§ **LISTED ENTRIES**

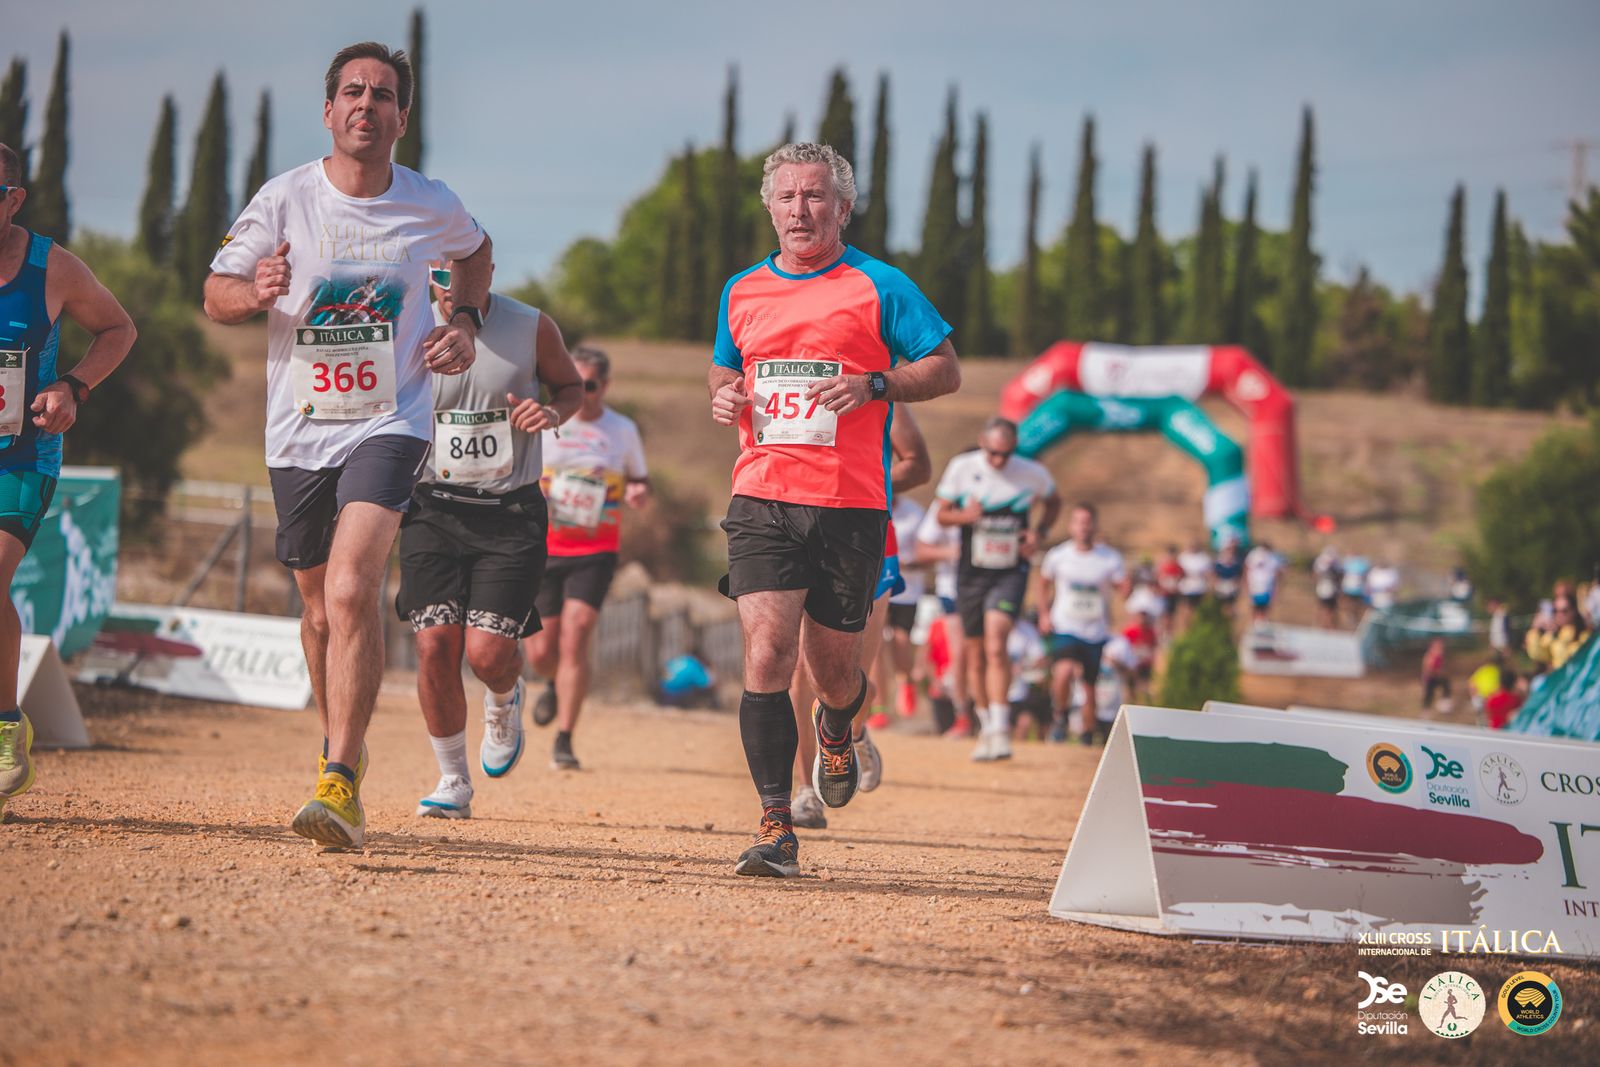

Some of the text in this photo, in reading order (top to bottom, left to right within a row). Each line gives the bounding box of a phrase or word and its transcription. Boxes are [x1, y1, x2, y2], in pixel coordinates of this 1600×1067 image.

[320, 330, 365, 342] ITÁLICA
[313, 360, 377, 393] 366
[773, 362, 816, 375] ITÁLICA
[764, 392, 820, 419] 457
[450, 435, 498, 459] 840
[1426, 781, 1469, 795] Diputación
[1429, 792, 1471, 808] Sevilla
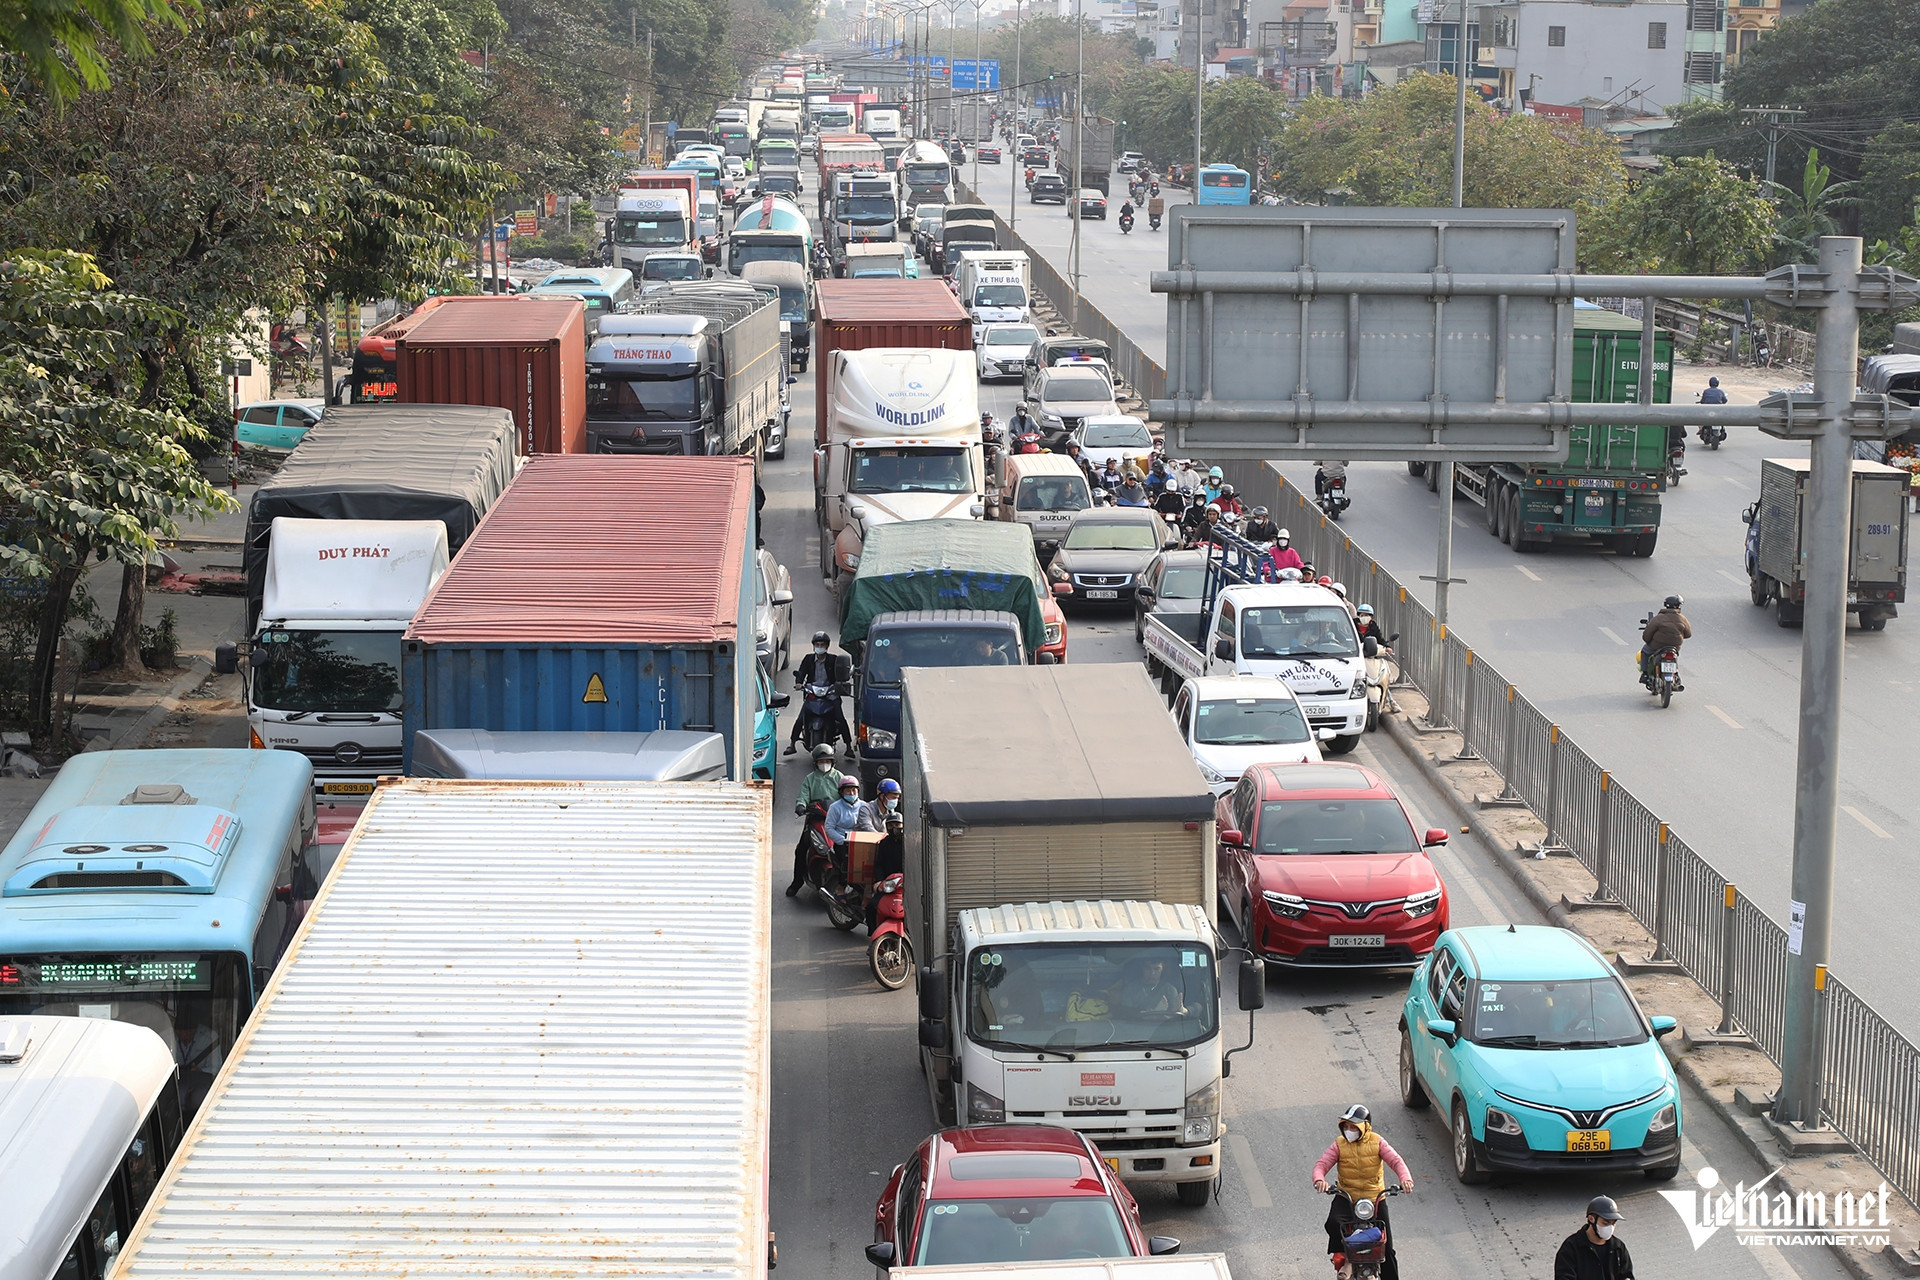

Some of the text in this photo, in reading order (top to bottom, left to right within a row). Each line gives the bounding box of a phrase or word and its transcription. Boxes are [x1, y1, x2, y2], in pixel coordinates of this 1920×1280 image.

[1621, 361, 1639, 370] EITU
[875, 402, 945, 426] WORLDLINK
[318, 547, 348, 560] DUY
[1319, 667, 1342, 688] CONG
[327, 784, 369, 792] 89C-099.00
[1333, 936, 1381, 946] 30K-124.26
[1481, 1004, 1504, 1012] TAXI
[1068, 1096, 1122, 1106] ISUZU
[1579, 1131, 1598, 1141] 29E
[1571, 1141, 1606, 1151] 068.50

§ **INSTRUCTIONS TO FOLLOW**
Look above for the line that holds "this 1920×1280 image.", then copy it and each line after it exactly, through the last line of the data.

§ **WRITTEN SOLUTION**
Some of the text in this photo, in reading order (top to bottom, left to right within a row). Each line gives the bounding box of a phrase or word and its transcription. Boxes are [x1, y1, x2, y2], in pixel coordinates of this 1920×1280 image.

[1621, 361, 1639, 370] EITU
[875, 402, 945, 426] WORLDLINK
[318, 547, 348, 560] DUY
[1319, 667, 1342, 688] CONG
[327, 784, 369, 792] 89C-099.00
[1333, 936, 1381, 946] 30K-124.26
[1481, 1004, 1504, 1012] TAXI
[1068, 1096, 1122, 1106] ISUZU
[1579, 1131, 1598, 1141] 29E
[1571, 1141, 1606, 1151] 068.50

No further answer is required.